Had I gotten too attached and lost sight of the big picture, as the ICU fellow purported? Who deserved that last ICU bed that night? Someone who would have only cost taxpayers $10,000, $100,000 or $1,000,000 during her stay? Would it have mattered to the hypothetical taxpayer that Cheryl had lost her professional job and employer-based insurance due to her long treatment, then lost her home, then spent down her income and thus qualified for Medicaid? Was it my responsibility to be considering resource allocation while my patient was critically ill? Besides, the ICU fellow abandoned his cost-conscious argument quite quickly at the mere suggestion that he would do otherwise for his family member.
I had worked in the private, public, and not-for-profit sectors prior to going to medical school. I had pondered the roles of corporations, governments and single-issue foundations in shaping our health care system. I knew about the slippery politics, limited data, legal pressures and economic realities. Yet, time and time again when my patients come into the emergency room or are lying on the operating table or get better or worse after some intervention, I struggle to see the forest for the trees.
On some level, I don’t think my patients want me to be thinking about the sustainability of the health care system when I’m counseling them about their options.
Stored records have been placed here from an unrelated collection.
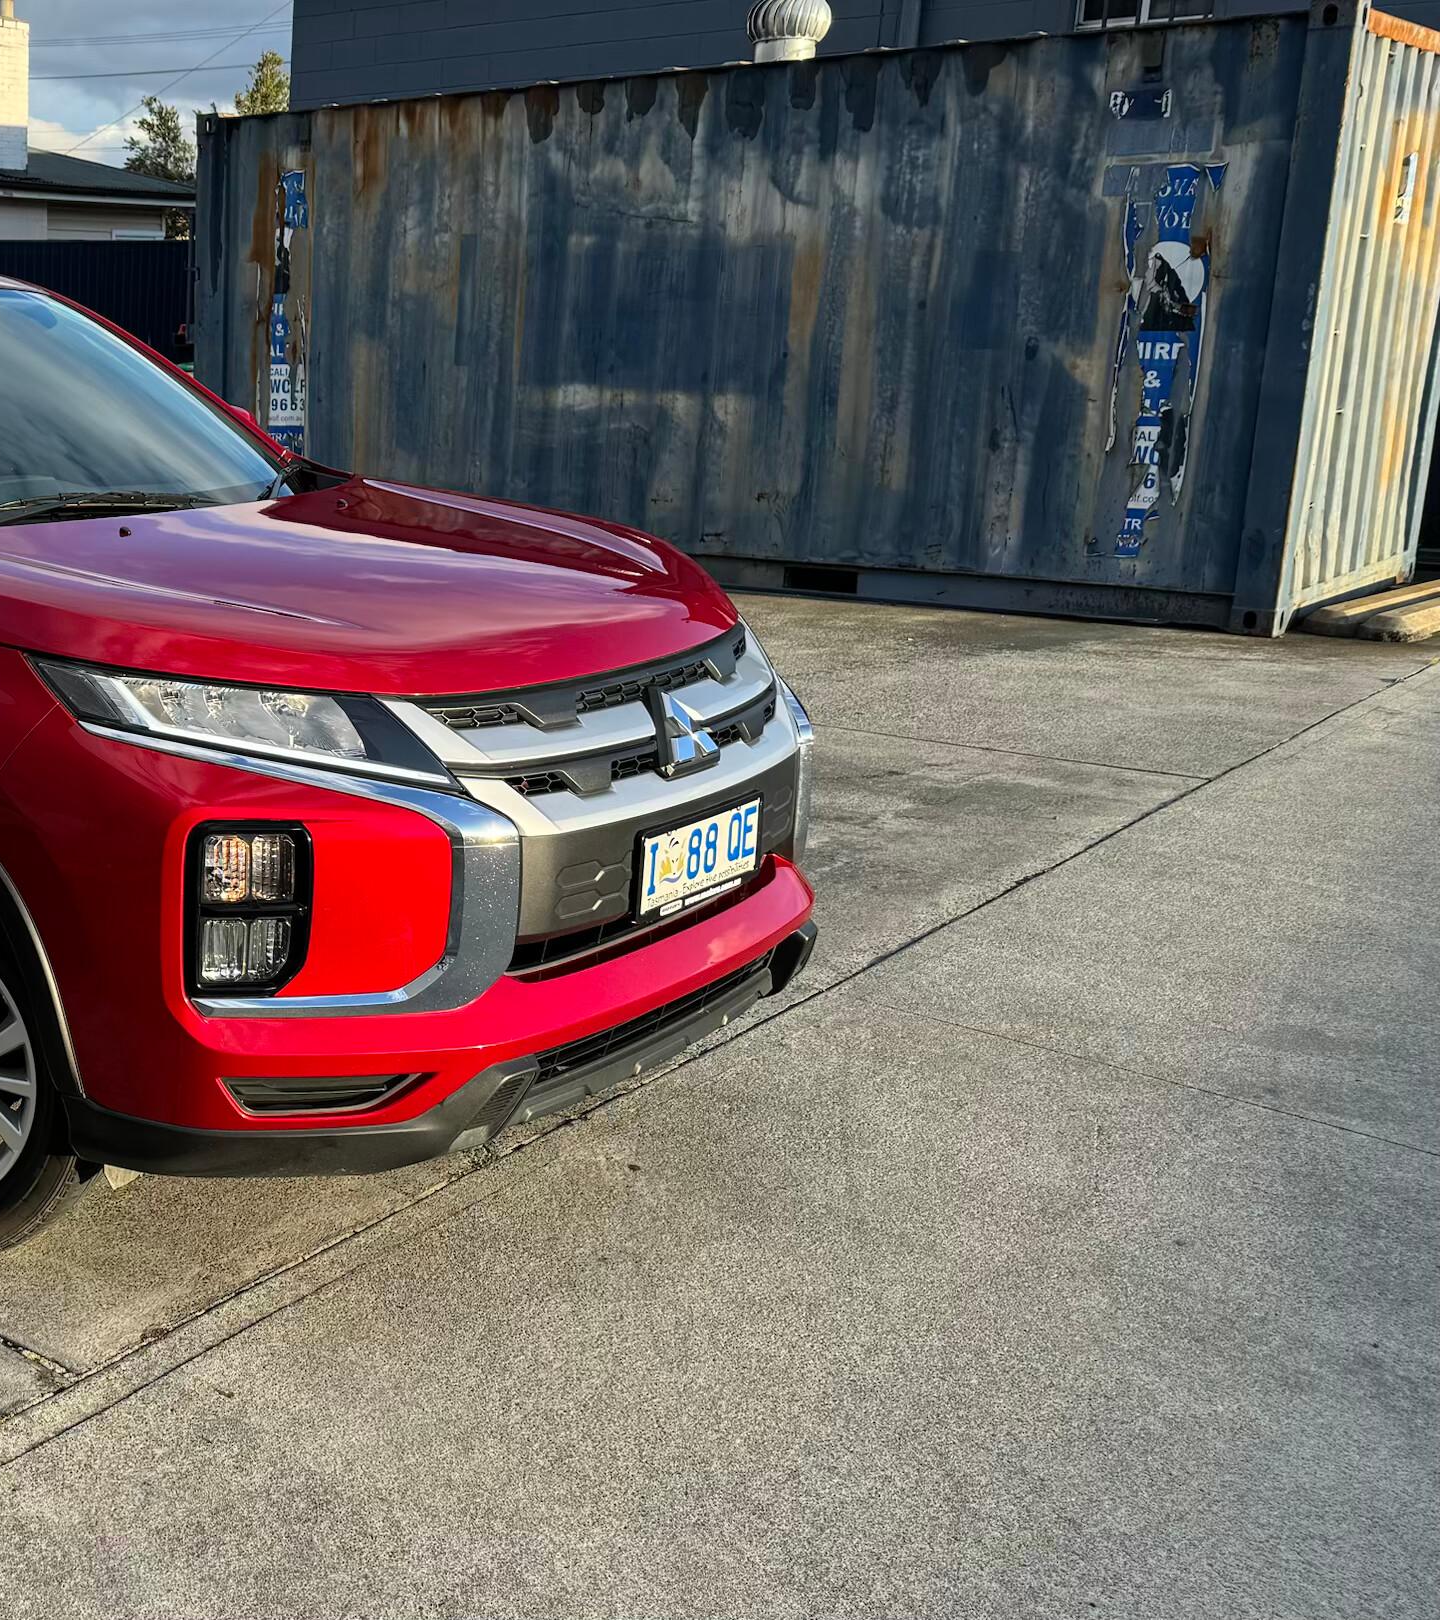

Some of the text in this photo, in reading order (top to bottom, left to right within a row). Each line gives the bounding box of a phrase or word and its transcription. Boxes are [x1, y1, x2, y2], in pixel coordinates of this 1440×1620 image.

[275, 323, 285, 337] &
[1143, 370, 1161, 388] &
[687, 822, 719, 880] 88
[647, 889, 679, 907] Tasmania
[682, 881, 704, 894] Explore
[706, 872, 718, 884] the
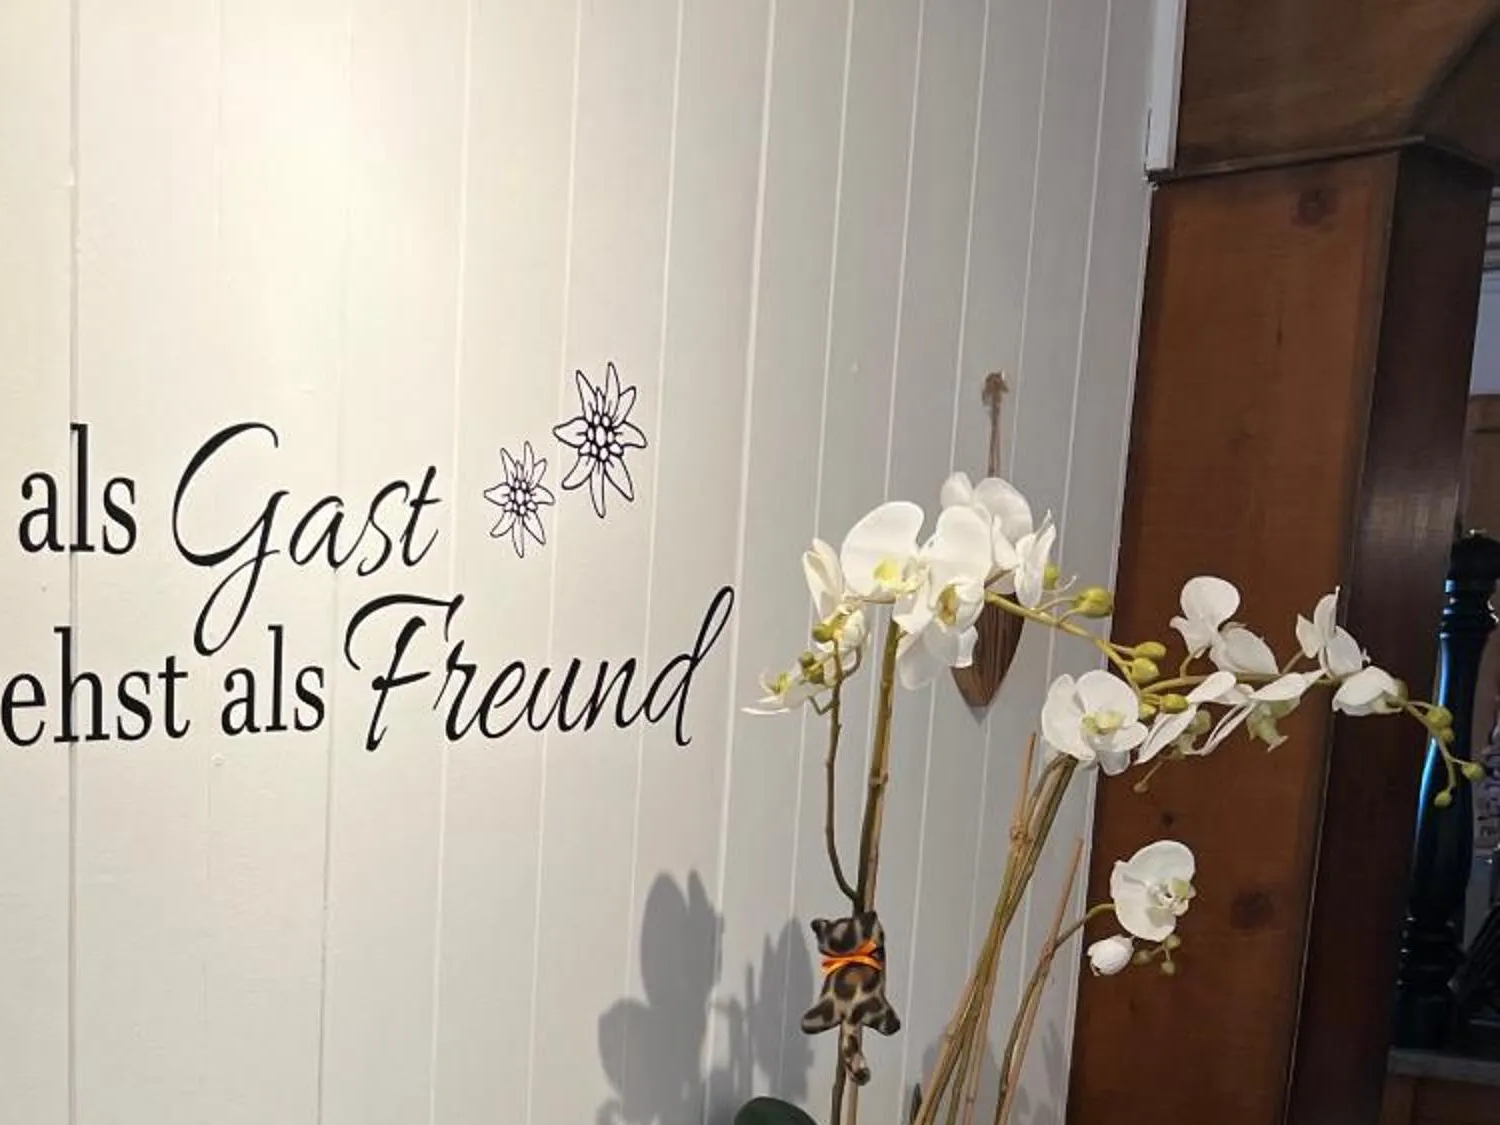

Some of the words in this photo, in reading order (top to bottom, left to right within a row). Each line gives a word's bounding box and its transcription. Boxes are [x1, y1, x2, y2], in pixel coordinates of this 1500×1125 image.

They want to know that I am their unwavering advocate. Their interests are my top priority in that fiduciary relationship. If I suggested more or less, it would only be watching out for them, not for the general public.
Yet, my experience tells me that providers, the people who oversee these cherished doctor-patient interactions, must play a principal role in revamping this overwrought and overpriced health care structure that does not produce the quality and safety outcomes any moral society would demand. Doctors wrestle with the nuances and inefficiencies of the institution every day. Medicine is not mathematics, but it is prudent to inject a measure of cost-awareness into our diagnostic work-ups, treatment algorithms and clinical trials. It may seem distasteful to knowingly put a monetary value on life, but we already do that calculation with each clinical decision we make. Higher quality can be affordable and accessible.
So for now, I continue to navigate that difficult space between being a good doctor and a conscientious citizen. I will see many more patients like Cheryl in my career. They will always be pushing me to do better.